Understanding the characteristics of relationships in which HIV vaccine promotion is most likely to occur is important to determining not only the feasibility of a peer-based strategy, but also its ability to reach those most at risk. The purpose of this study was to investigate drug users’ willingness to encourage their risk partners and other peers to receive an HIV vaccine and, through dyadic analysis, determine in which relationships vaccine encouragement was most likely to occur.

Methods

Sample

Data used were collected during the 24-month follow-up assessment of the Social Networks among Appalachian People (SNAP) study. SNAP is a longitudinal study to determine the prevalence of and risk factors for HIV, hepatitis C, and herpes-simplex 2 among illicit drug users in a rural community in Central Appalachia. The eligibility criteria included the following: (1) being 18 years of age or older, (2) a resident of an Appalachian county in Kentucky, and (3) using prescription opioids, heroin, crack/cocaine or methamphetamine to get high in the prior 30-day period. Participants (n = 503) were recruited using respondent driven sampling. Data were collected via interviewer-administered questionnaires at baseline and at 6-month intervals thereafter. HIV testing was performed at baseline and each follow-up using the OraQuick® ADVANCE™ Rapid HIV-1/2 Antibody Test (OraSure, Bethlehem, PA, USA). Additional details about the SNAP study are published elsewhere [23, 24].

From March 2012 to May 2013, participants (n = 435) completed their 24-month SNAP study interview. All participants tested HIV negative. After the interview, participants (n = 433) were invited to complete an interviewer-administered questionnaire on their attitudes toward HIV vaccination and willingness to encourage others to receive the vaccine. Two participants interviewed in jail were not invited due to time limits. All participants provided written informed consent and were compensated $35 for participation. The University Institutional Review Board approved the protocol and a Certificate of Confidentiality was obtained.

Network Data Collection

The SNAP interview elicited network data (described in detail elsewhere [24]. Briefly, each participant, or ‘ego’, gave the first name and last initial of up to eight individuals from/with whom they had received social support, used drugs (excluding alcohol and marijuana), and engaged in sex during the past 6 months. For each network member, or ‘alter’, named, additional demographic information was gathered (e.g., gender and approximate age). To determine if an alter was a participant in the SNAP study, their name and demographic information was cross-referenced against that of participants enrolled in the study and through consultation with the community-based staff. These techniques are consistent with those used in other studies [25–27].

For the purposes of these analyses, a risk network and non-risk network were constructed. The risk network consisted of sexual relationships and/or relationships in which partners injected drugs together. The non-risk network consisted of all other relationships (i.e. social support and co-usage of non-injected drugs). Of note, both networks included all named alters (participants and non-participants). NetDraw (version 2) [28] was used for network visualization.

Demographic Similarity

Two dyadic measures of demographic similarity between the ego and each of his/her alter(s) were evaluated: gender (1 = same gender, 0 = different gender) and absolute difference in age (years). Of note, the age difference was based on ego’s report of alter(s)’ ages, as the actual ages of alters not in the study were unknown. Other measures of demographic similarity could not be assessed, as egos were not asked about other demographic characteristics of alters.

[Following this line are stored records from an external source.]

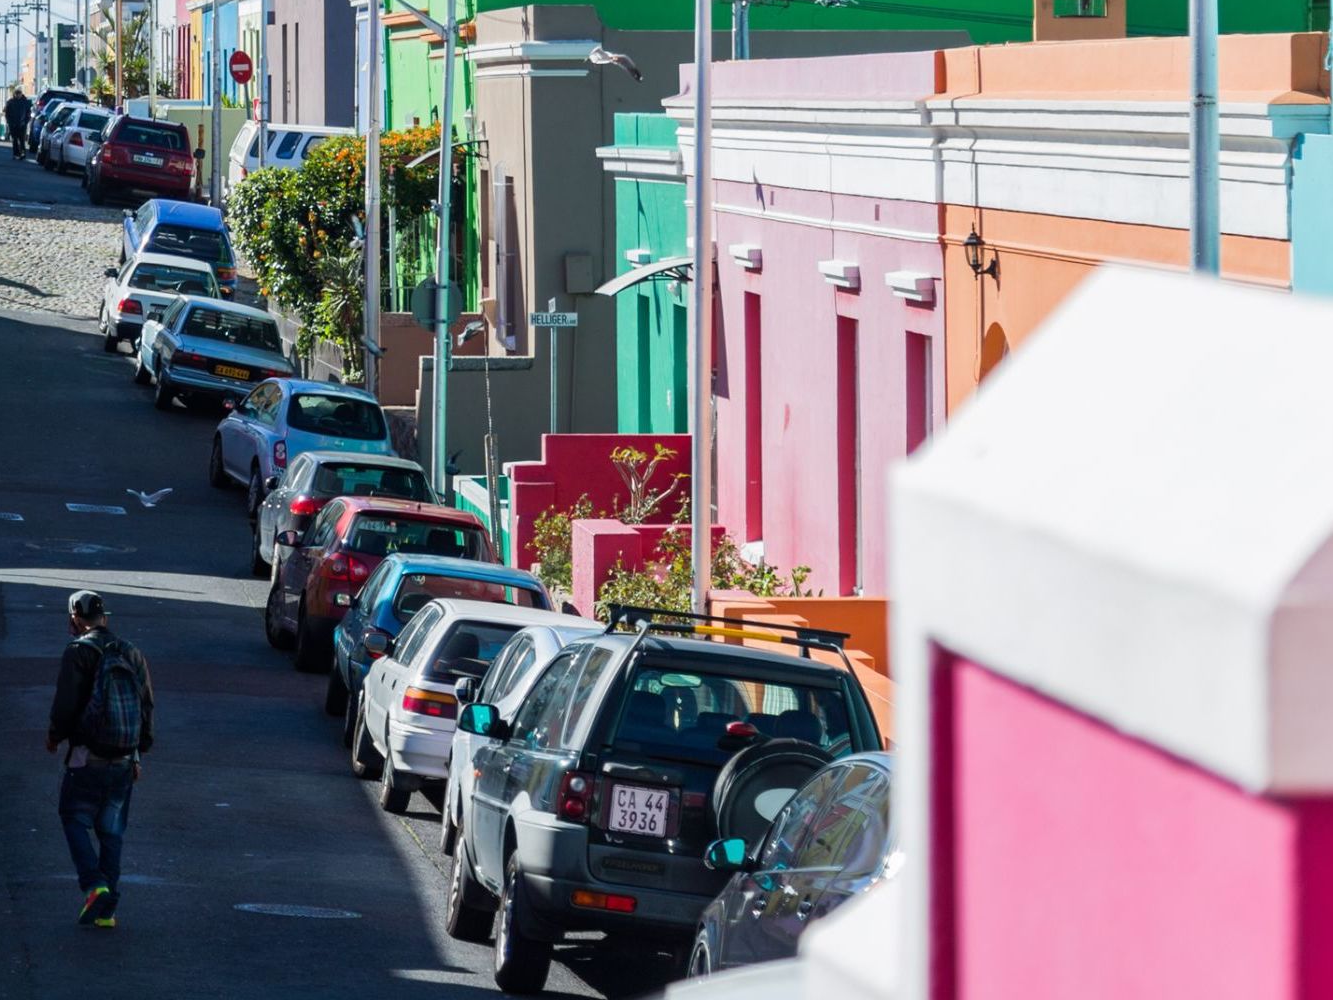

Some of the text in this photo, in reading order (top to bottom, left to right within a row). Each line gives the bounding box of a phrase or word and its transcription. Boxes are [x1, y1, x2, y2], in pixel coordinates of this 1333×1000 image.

[531, 314, 567, 325] HELLIGER
[617, 790, 664, 812] CA 44
[618, 809, 657, 831] 3936
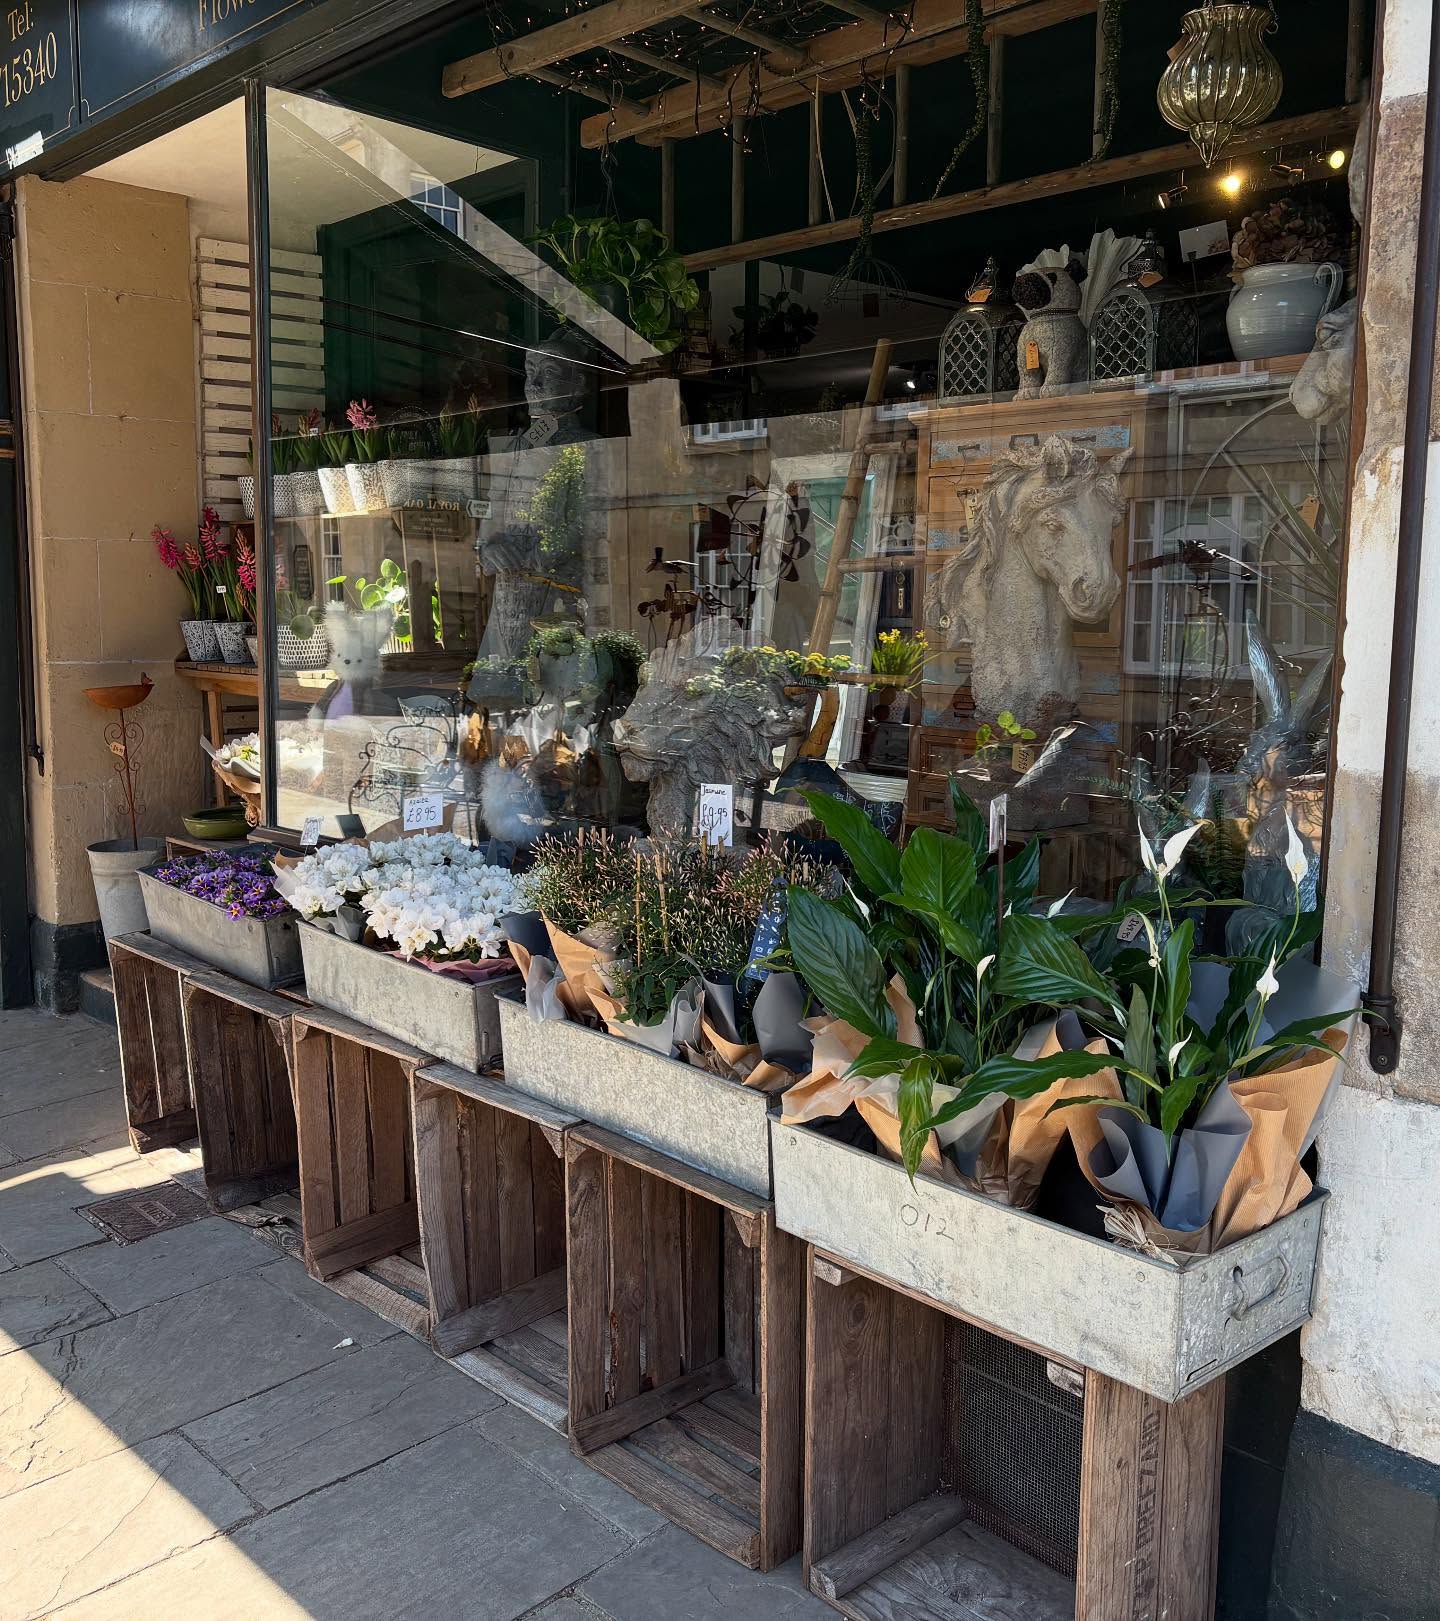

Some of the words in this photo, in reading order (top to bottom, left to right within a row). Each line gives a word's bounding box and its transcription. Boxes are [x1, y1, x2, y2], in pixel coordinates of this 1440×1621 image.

[8, 0, 34, 41] Tel:
[199, 0, 255, 32] Flo
[0, 32, 57, 107] 15340
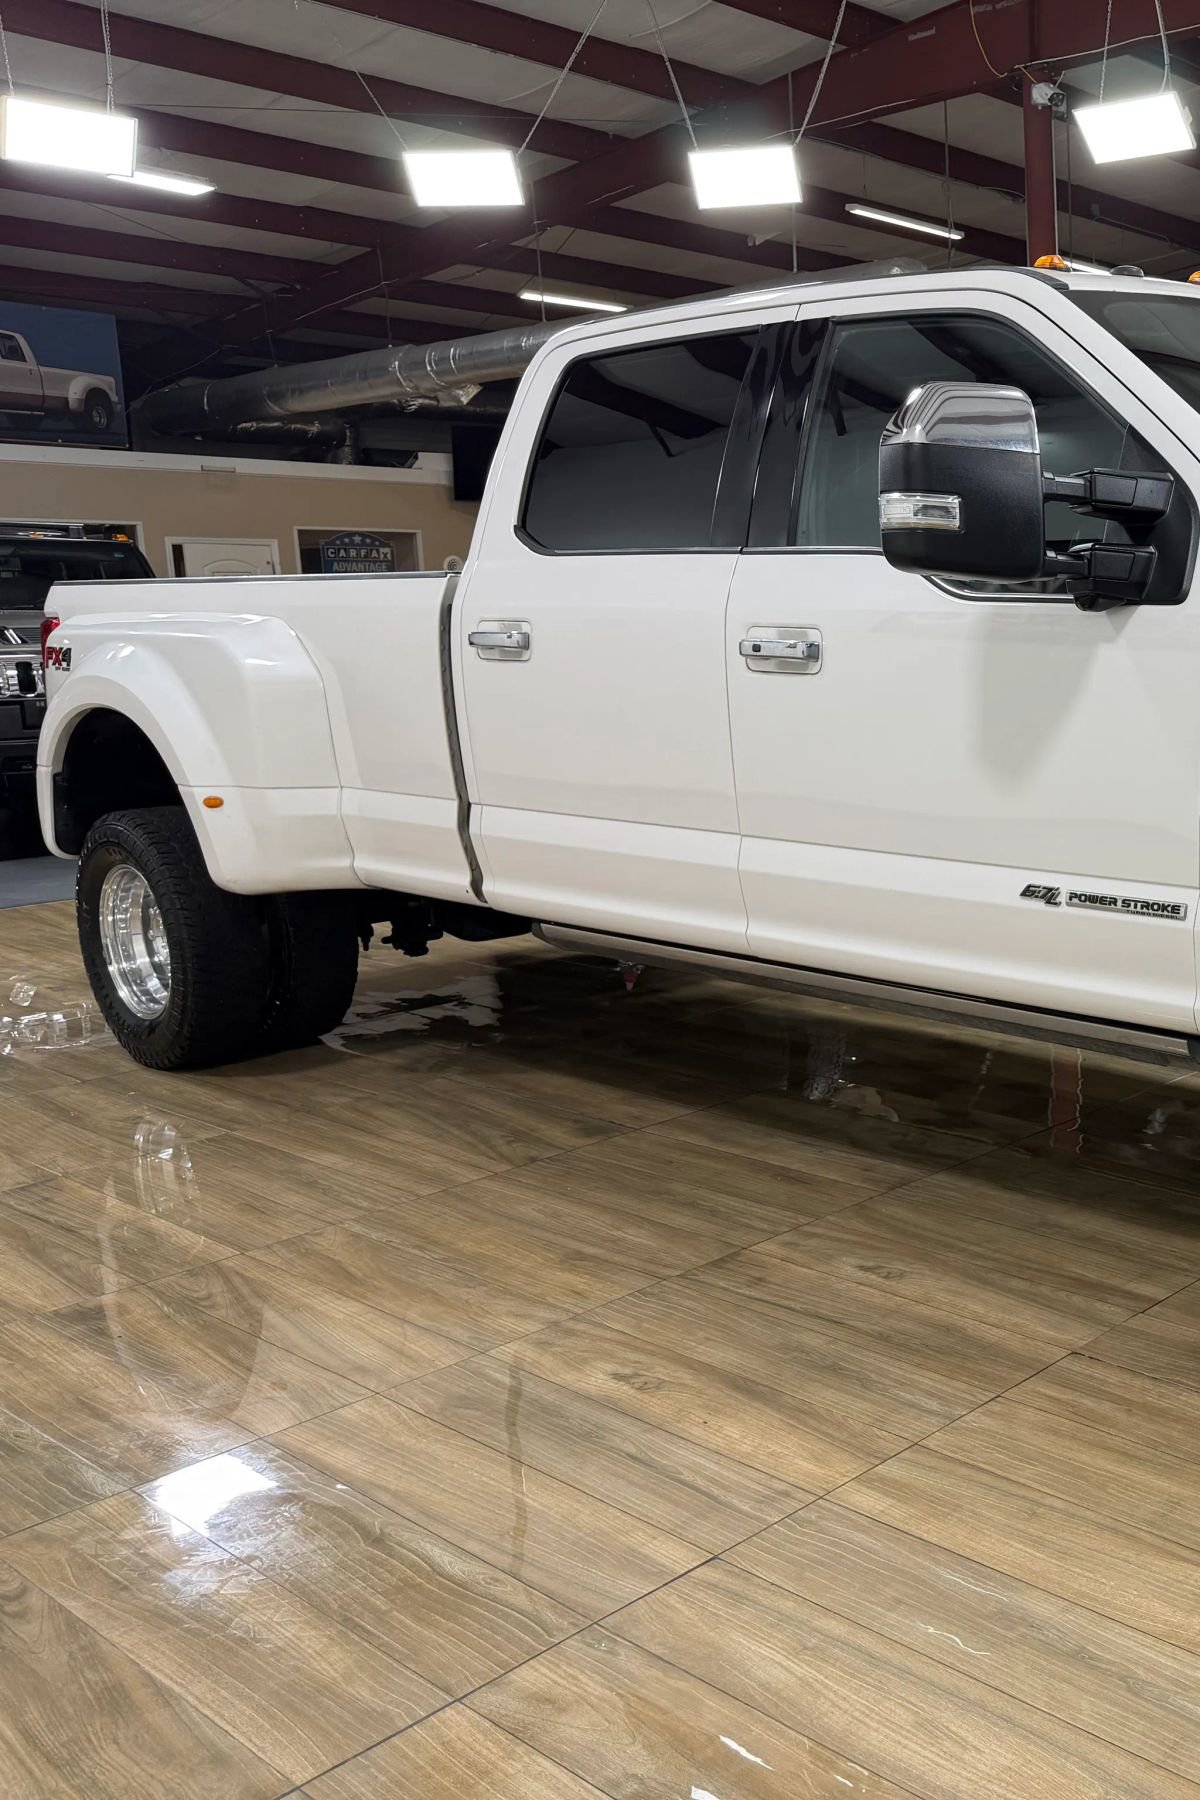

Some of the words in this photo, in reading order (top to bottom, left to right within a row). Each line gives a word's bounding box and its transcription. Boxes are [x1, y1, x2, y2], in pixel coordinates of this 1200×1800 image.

[327, 548, 390, 560] CARFAX
[332, 561, 389, 572] ADVANTAGE
[46, 646, 72, 669] FX4
[1068, 891, 1118, 908] POWER
[1121, 898, 1182, 915] STROKE
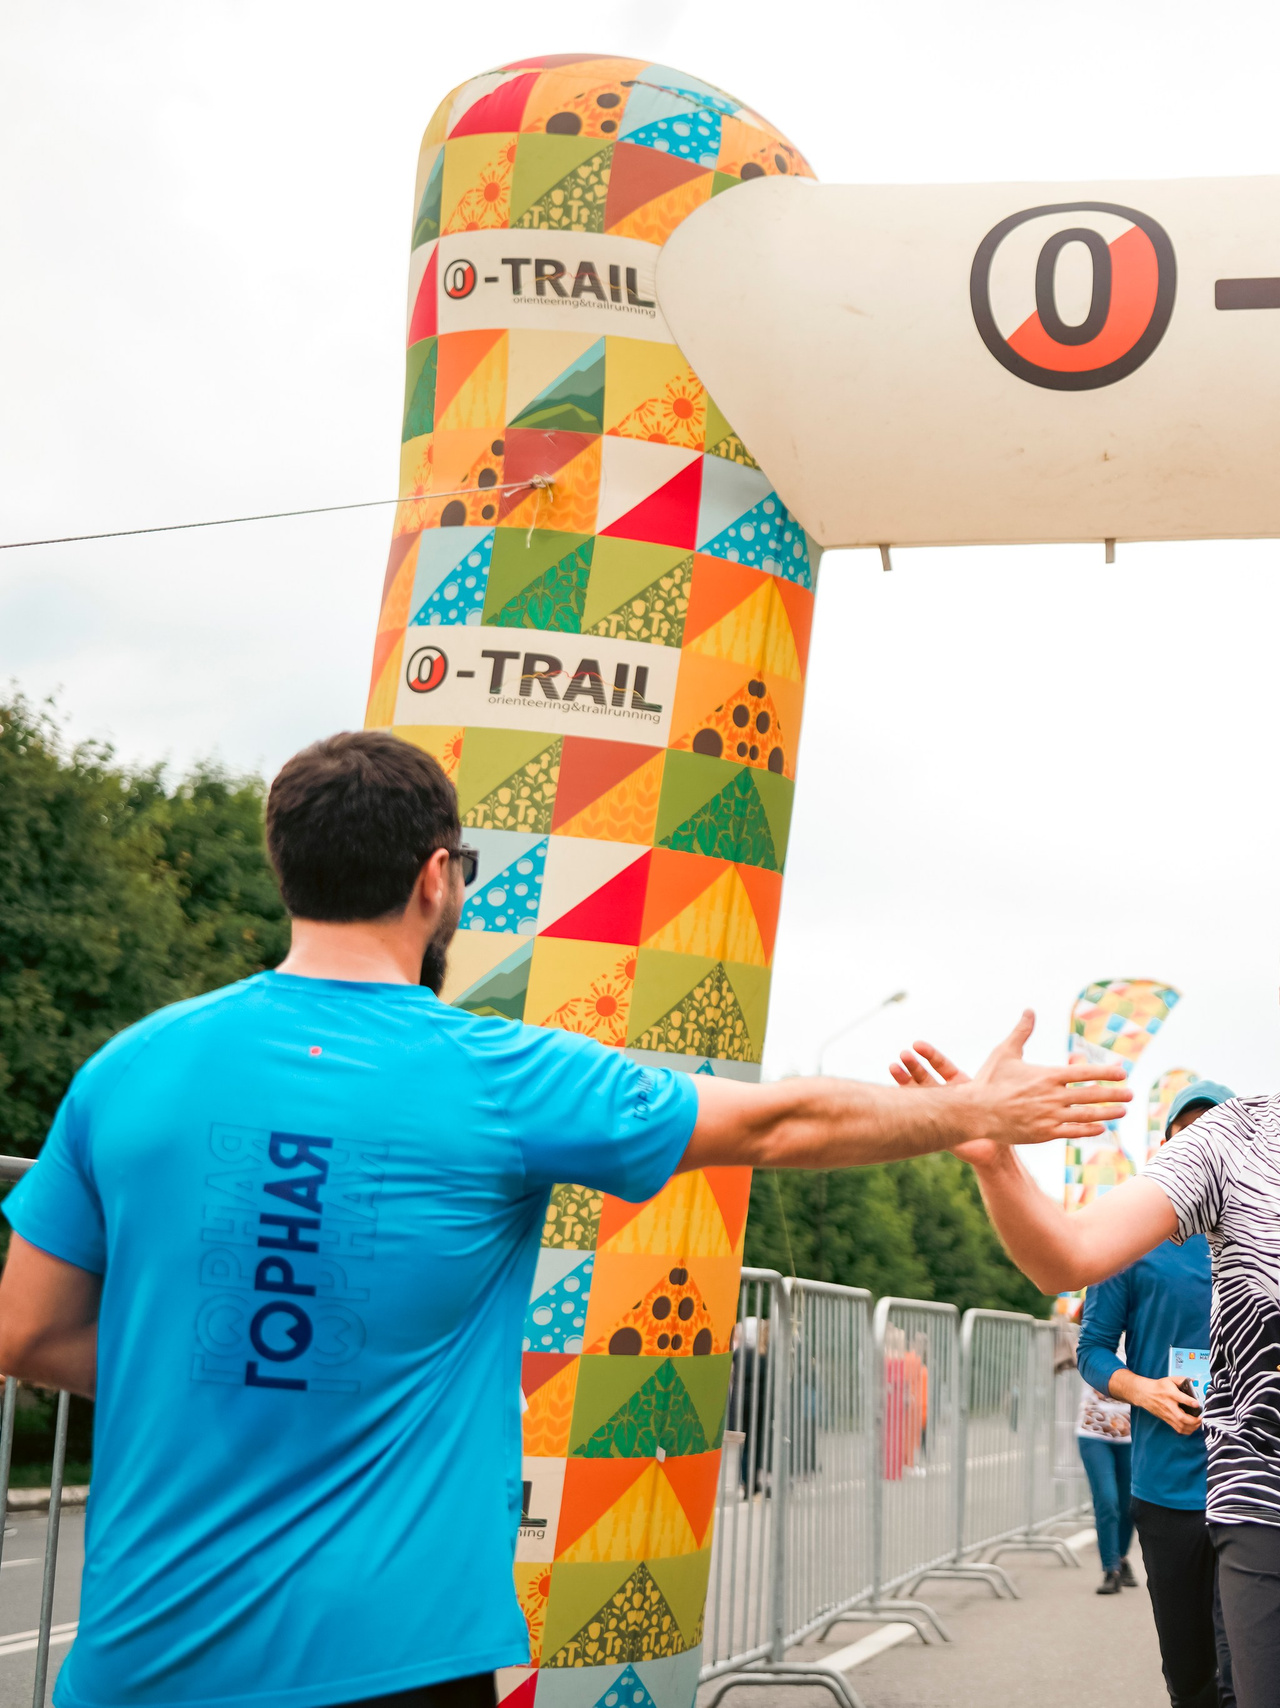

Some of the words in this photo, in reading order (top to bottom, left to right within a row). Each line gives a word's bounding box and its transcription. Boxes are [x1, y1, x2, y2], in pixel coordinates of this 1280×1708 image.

[512, 294, 656, 318] orienteering&trailrunning
[488, 695, 661, 724] orienteering&trailrunning
[244, 1131, 333, 1392] ГОРНАЯ

Ego and Alter Characteristics

Alter characteristics, as reported by the respondent, were also analyzed; these included alter gender, age (years), and recent (past 6 month) injection drug use (IDU; binary). Respondent’s gender, age, and recent IDU were also examined, as was their perceived benefit of HIV vaccination. The latter was assessed with the following item: “In your opinion, how much would an HIV vaccine benefit you?” [1 = not at all, 2 = a little, 3 = some, 4 = a lot]. Respondents were also asked about the HIV status of each alter; however, all alters were reported to be HIV negative with the exception of one social support alter. Therefore, alter HIV status was unable to be evaluated as a covariate in analysis.

Relationship Characteristics

Respondents were asked how long they had known each of their alters (months), how frequently they communicated (6-point Likert scale, with increasing values representing more frequent communication), geographic distance between their residences (9-point Likert scale with increasing values indicating farther distances), trust in each alter (10-point scale), whether or not the alter was a family member (binary), and whether or not the respondent received social support and financial support from each alter (both binary).

Risk Behavior

Seven dyadic measures of risk behavior were analyzed. Six were binary and represented whether or not the respondent had (1) used drugs with the alter, (2) injected drugs with the alter, (3) injected drugs and had sex with the alter, (4) given used injection equipment to alter, (5) received used injection equipment from the alter, and (6) discussed risk reduction (i.e. condom use and/or bleaching injection equipment). The seventh contained data representing a scale of the frequency of HIV risk behavior, in which the values of the ties represented the sum of three Likert scales on which participants rated the frequency of unprotected sex (4-point scale) and of needle and cooker sharing (5-point scales) with the alter. The summative scale was also disaggregated to allow for separate evaluations of the frequency of unprotected sex and equipment sharing.

Psychosocial Measures

Three psychosocial measures used were also analyzed. These items, asked only about risk network members, examined descriptive and injunctive norms, risk perception, and intent to engage in risk compensation. Descriptive norms are perceptions about others’ behaviors, while injunctive norms relate to a person’s beliefs about what others think he/she should do [29, 30]. Descriptive and injunctive norms were assessed on an alter-by-alter basis with the following questions repeated for each named alter: “How likely do you think [network member] would be to get an HIV vaccine?” and “If [network member] got an HIV vaccine, how likely would they be to encourage you to get it?” Responses were given on 4-point Likert scales ranging from ‘very unlikely’ to ‘very likely’. Using the same Likert-scale response option, participants were also asked about dyad-specific risk perceptions: “How likely do you think it is that [network member] would ever get infected with HIV?” and “How likely do you think it is that [network member] would ever infect you with HIV?”

Risk Compensation Intent

Respondents answered three items to assess intent to engage in sexual risk compensation: “If [you/alter/you and alter] got an HIV vaccine that was 90 % effective, would you use a condom with them… [‘Much less often’, ‘Less often’, ‘More often’, ‘Much more often’, ‘We wouldn’t change how often we used a condom’]”. Three injection-related items with the same response options were also given: “If [you/alter/you and alter] got an HIV vaccine that was 90 % effective, would you share injection equipment…”. These data were used to compute a binary variable in which 1 = intent to increase their risk behavior on any one of the six risk compensation items, and 0 = intent to decrease or maintain the same level of risk behavior if vaccinated.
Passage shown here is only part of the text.